Sipping a lime Dr. Pepper (a local delicacy) and chewing on the implications of Benjamin’s thesis for his own profession (“herding words” the way cowboys herd cattle), McMurtry gazed around him. “Before the Dairy Queens appeared, the people of the small towns had no place to meet and talk,” he says, “which meant that much local lore or incident remained private and ceased to be exchanged, debated and stored as local lore had been in the centuries Benjamin describes.”
Figuring that “the DQ was at least the right tide pool,” McMurtry studied the “scattered groups of coffee drinkers, to see whether I could spot a loquacious villager who . . . might be telling a story. And if so, was anyone really listening?”
What did he discover? Well, typically for this amiable, meandering semi-memoir, we never quite find out. Like a classic oral storyteller, in fact, McMurtry keeps dropping the idea he’s discussing to high-tail it after the next.

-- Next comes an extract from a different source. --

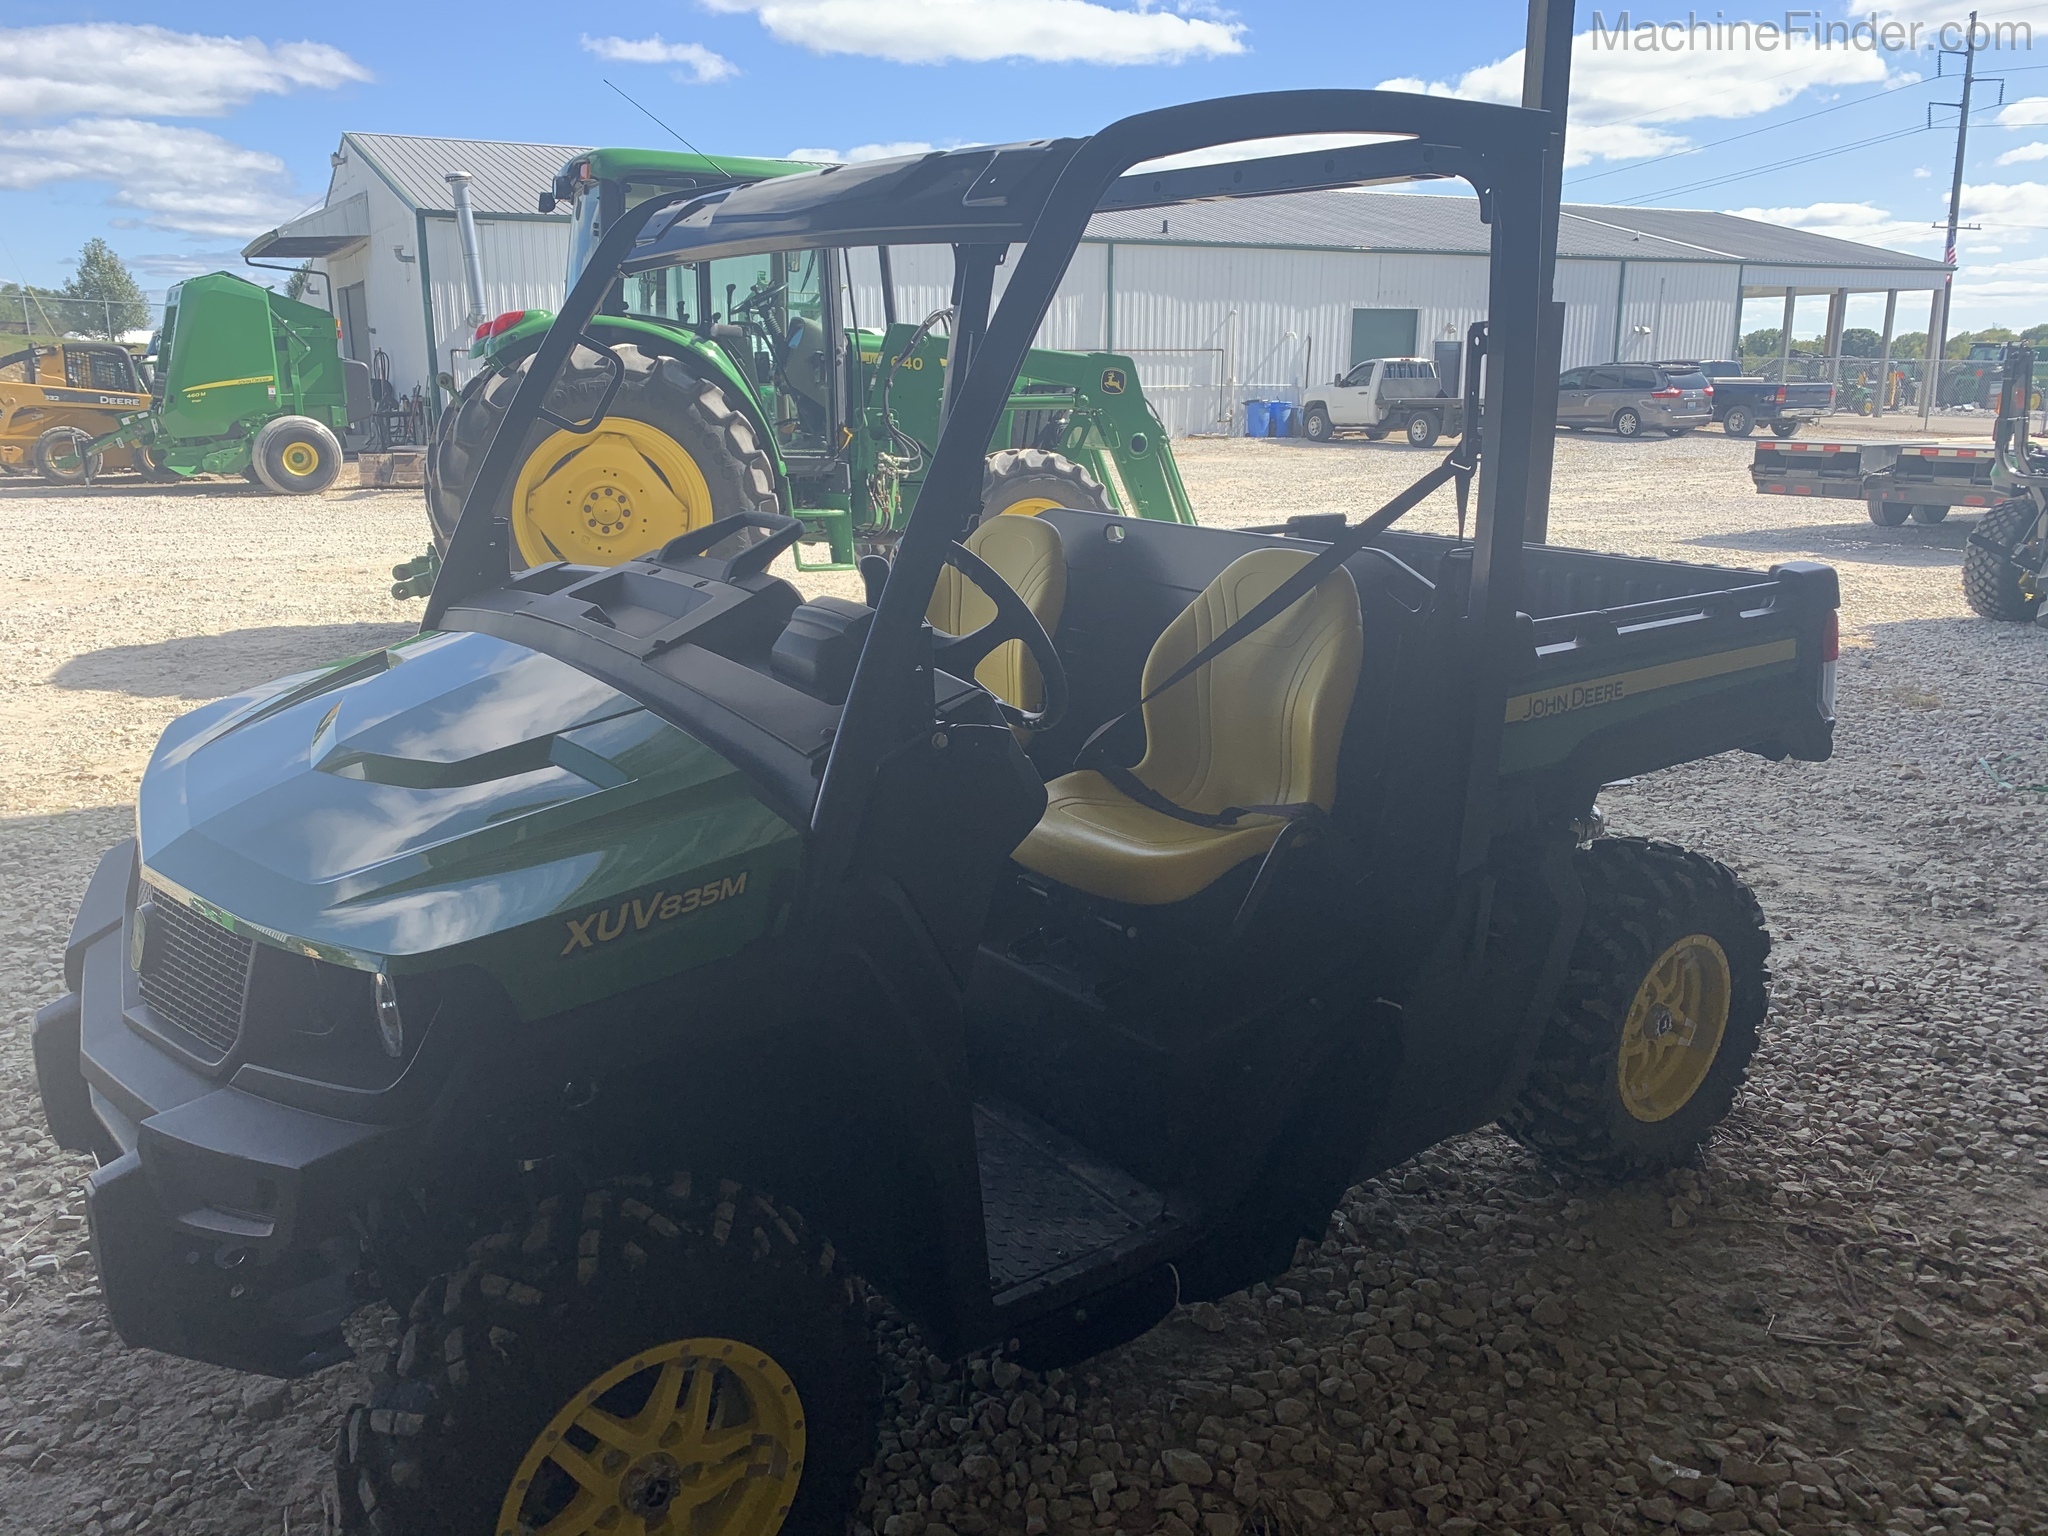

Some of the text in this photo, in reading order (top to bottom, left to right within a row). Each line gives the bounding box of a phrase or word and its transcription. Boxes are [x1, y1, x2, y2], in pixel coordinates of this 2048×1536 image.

[99, 395, 140, 406] DEERE
[1523, 682, 1624, 720] JOHN DEERE
[560, 871, 748, 957] XUV835M

McMurtry’s grandparents settled in Archer County, just cleared of Comanches, in the 1880s. He ponders the price of living in such a place, the loneliness and the backbreaking work that left no time for the creation of art. He considers his rancher father, whose struggle to raise “the wrong animal,” Hereford cattle, on arid plains suited for buffalo, kept him in debt for 55 years. The elder McMurtry was the willing victim of a cowboy mystique, born in the brief era of open range and cattle drives just after the Civil War, that had lost its validity long before he was born.
“Readers don’t want to know and can’t be made to see how difficult and destructive life in the Old West really was,” McMurtry says, noting wryly that “Lonesome Dove,” his attempt to “demythicize” the frontier, instead has been embraced as an “American Arthuriad.”
A bookish boy who knew he was “unfit for ranch work because of my indifference to cattle,” McMurtry got out of Archer City but carried it with him, even as he became a prolific novelist and screenwriter, hobnobbed with intellectuals and Hollywood types and “herded books” as a collector and dealer. He writes of the heart surgery in 1991 that, spookily, left him a “different person”--an experience echoed in “Streets of Laredo” and “Duane’s Depressed.”
And finally he comes back to Walter Benjamin, whose best work was fragmentary, “all sparks.” This book is like that too: brief illuminations of themes McMurtry has treated at length in his novels. It’s like Texas’ Red River in summer, braiding itself into random channels, sometimes more sand and cottonwoods than river, but pleasant, as riparian habitat usually is.